African Eagle Resources plc ("African Eagle" or "the Company", ticker AIM: AFE) today announces its annual results for the year to 31 December 2006.

The Year in Brief

Our focus during the year has been on developing partnerships with companies that have the financial resources and technical expertise in developing mines to complement African Eagle's excellence in exploration. We have now signed up quality partners on three of our four main projects. Our goal is to realise value for our shareholders by bringing our nearest to market projects into production and cash flow generation as soon as possible. The foundations are now in place and African Eagle is well positioned to push ahead with this strategy.

Milestones

In 2006:

  • Gold resource at Miyabi, Tanzania increased by 30% to 520,000oz
  • MDN Northern Mining signed an option agreement over Msasa, Tanzania and has indicated it wants to earn-in
  • Australian based miner, CGA Mining signed Heads of Agreement to fast-track the Mkushi Copper Project, Zambia towards production
  • Phelps Dodge, one of the world's largest copper producers, signed an earn-in and funding agreement on the Ndola project, Zambia
  • First JORC compliant copper resource announced at Mkushi
  • Resolute elected to proceed with an earn-in arrangement on Kakumbi, Tanzania

To date in 2007:

  • Phelps Dodge subscribed for an initial tranche of shares in the Company, to the value of US$1.27M
  • Farm-out of the Fingoe Project in Mozambique to Pan African Mining Corp
  • An option and farm-in agreement on Miyabi was signed with Randgold Resources, one of Africa's most successful gold companies
  • A strategic alliance was announced with Troll Mining to explore their uranium, copper and gold licences in Tanzania
  • CGA signed a joint venture agreement and a Zambian joint venture company was established to develop and explore Mkushi

 

Chairman's statement

Dear Shareholder,

2006 saw further advances in the evolution of your Company's strategy which is based on maximising the benefits provided by the quality and experience of our exploration personnel by coupling them with the expertise of industry partners with skills in the development and exploitation of mining projects. We are justifiably proud of our people, their skills and their ability to find good projects in the countries in which we operate and to advance them to a stage where they become attractive to other parties.

Our Review of Operations this year expands more on the individual projects than in previous years, giving me the luxury of using my statement to elaborate on and illustrate that strategy by addressing some of the points which shareholders have raised during the year.

As you will see from the Review of Operations, we have made, and continue to make, excellent progress at Mkushi and Ndola. Despite the heaviest rains in decades we've completed airborne and geochemical surveys and undertaken additional drilling programmes enabling further resource definition, as well as securing development partners of high quality for three of our four key projects. Elsewhere, we have carried out a major review of the entire data base for Eagle Eye to identify new drill targets, we've conducted extensive surface surveys on several of our Lake Victoria properties and we've continued to evaluate new projects and potential partners in line with our strategy. Only at Miyabi has a combination of the weather and bureaucratic delays hindered progress during 2006. Our joint venture with Randgold signed on 2 May 2007 will now benefit the project enormously as Randgold commences work under that agreement.

Turning to some of those points I'm regularly asked about.

Why does African Eagle bring in partners to progress its projects?

African Eagle's expertise lies in exploration: the identification, acquisition and evaluation of good projects with clear development potential and a strong likelihood of value realisation. Mine development takes time, money, a different corporate culture and people with different skill sets. For these reasons, to take good projects through to production, we choose to work with high-quality industry partners who have the financial strength and the requisite development skills and experience.

This enables us to reach production decisions more quickly and to mitigate project risk through involvement in several shared projects. With development and exploration projects with several partners in three countries and in various commodities, we believe we are protected if any single project should not deliver - our eggs are not all in one basket!

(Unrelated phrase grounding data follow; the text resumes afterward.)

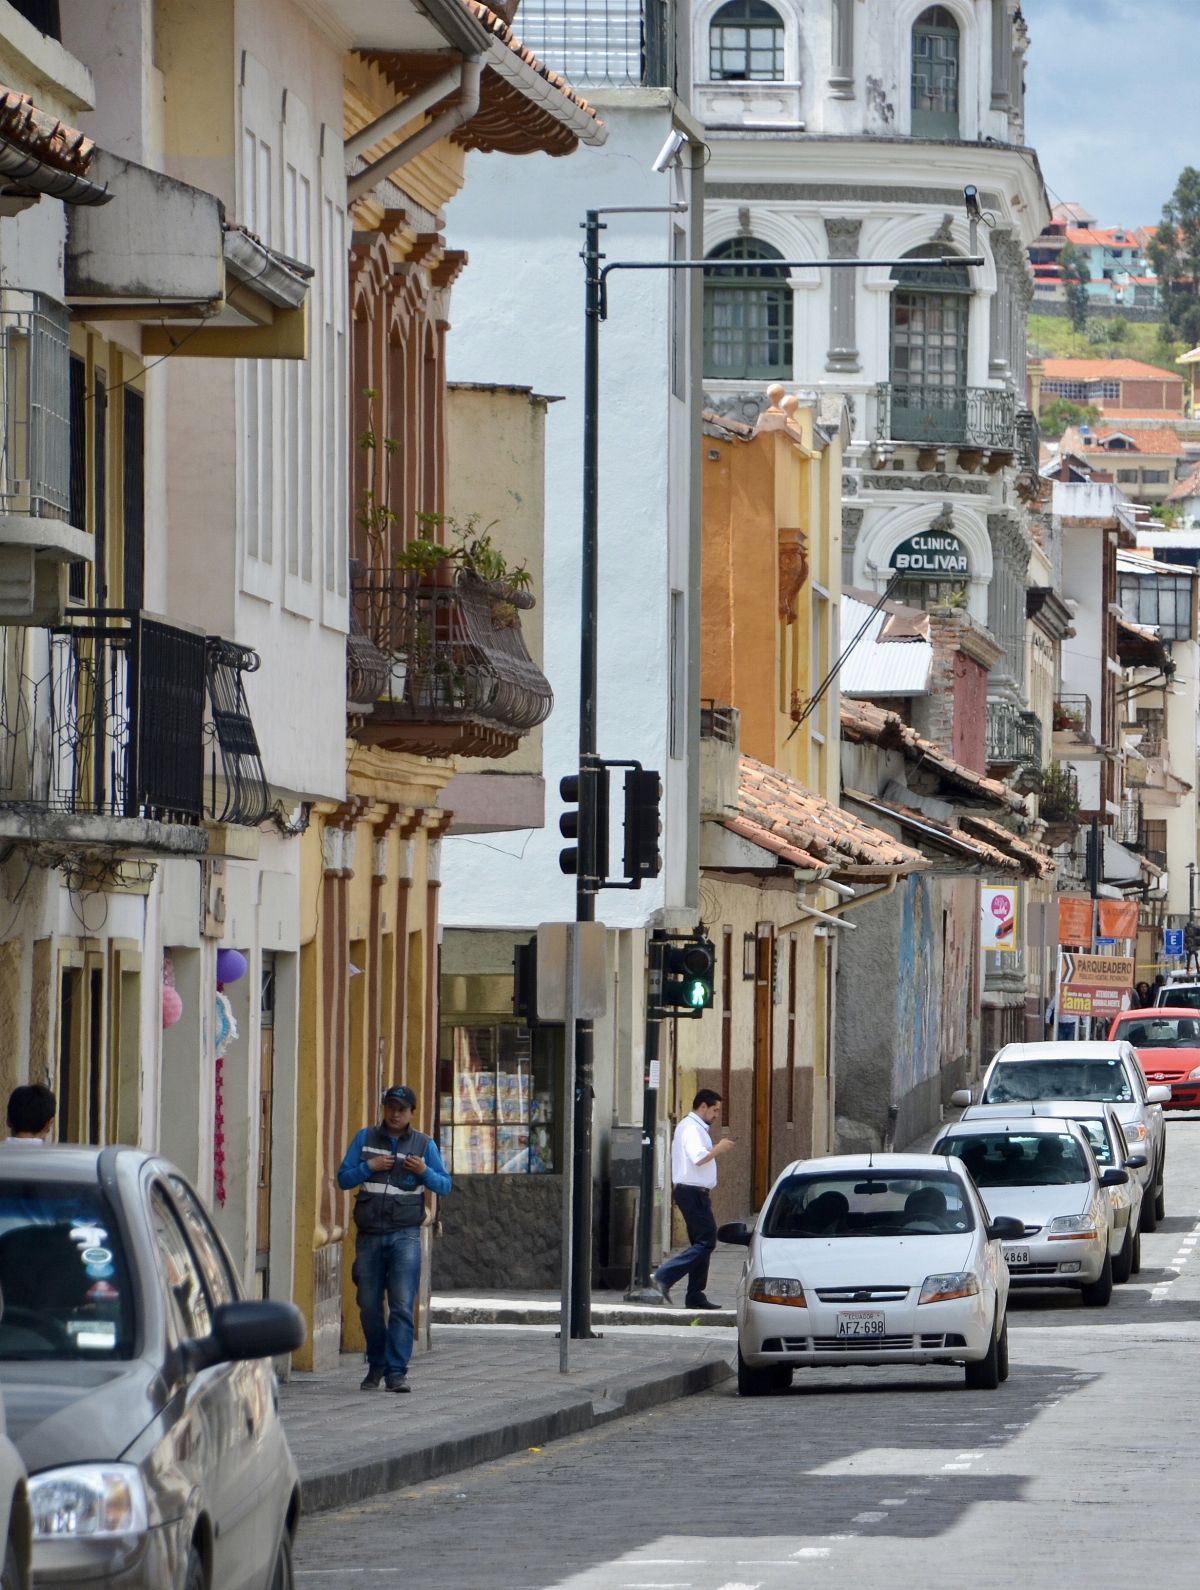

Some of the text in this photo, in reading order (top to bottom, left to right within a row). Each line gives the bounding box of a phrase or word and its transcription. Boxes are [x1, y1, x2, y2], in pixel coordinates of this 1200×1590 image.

[911, 536, 960, 551] CLINICA
[895, 553, 968, 570] BOLIVAR
[1170, 935, 1177, 945] E
[1077, 959, 1132, 974] PARQUEADERO
[1004, 1252, 1028, 1263] 4868
[839, 1320, 884, 1335] AFZ-698

Moreover, our partners' investments free up our own cash for the project generation and exploration activities which are African Eagle's core capabilities. If all our partners complete their full commitments under our various farm-in agreements, we expect that they will invest US$50M or more into African Eagle's projects.

We now have excellent partners at three of our four key projects: Miyabi, Ndola and Mkushi. Randgold, our partner at Miyabi, is arguably one of the most accomplished gold project developers operating in Africa. Phelps Dodge, with whom we are exploring Ndola, is one of the world's largest copper producers and the management team at CGA Mining, our Mkushi partner, was instrumental in the development of the first modern gold mines in Tanzania (at Golden Pride) and in Mongolia. We have also signed up good partners for some of our non-core projects, we are in negotiation with potential partners of similar quality for many of our other projects and we are looking at different deal structures, including royalty deals, to get the maximum benefit out of future partnerships on non-core projects.

How far are African Eagle's projects from starting production?

A decision to develop a mining operation can be made as soon as we (or one of our partners) can demonstrate that a project is economically feasible, that is, as soon as we have identified a mineral reserve of sufficient size, grade and character to be mined and processed at a profit. With our most advanced projects, this decision could be as little as 12 months away. We are always looking for opportunities to get production started quickly.

Has African Eagle got a balanced property portfolio?

We believe so. As an exploration and project generation company, we are always evaluating our current project portfolio and considering new properties that meet our criteria for economic potential. We have been able to take forward key projects like Mkushi and Miyabi to resources status and to make them attractive to partners. In both cases it was our partner who initiated the approach.

We believe that the current buoyant metals market is a good time to be project rich, as mining companies are very keen to acquire new projects to replenish their depleting reserves. Their investment leverages our expertise and skills in target generation and the quality of our exploration teams in the field. We know that not all good ideas bear fruit, however, and we relinquish properties whose commercial value we have assessed and determined to be minimal, or where laying off the risk has proved impossible or too time consuming. For example, we recently dropped the Muazua project in Mozambique when the strong nickel geochemical anomalies turned out to be caused by localised surface enrichment and we have relinquished a number of Tanzanian gold licences which failed to meet our criteria.

How does African Eagle promote the Company through Investor Relations activities?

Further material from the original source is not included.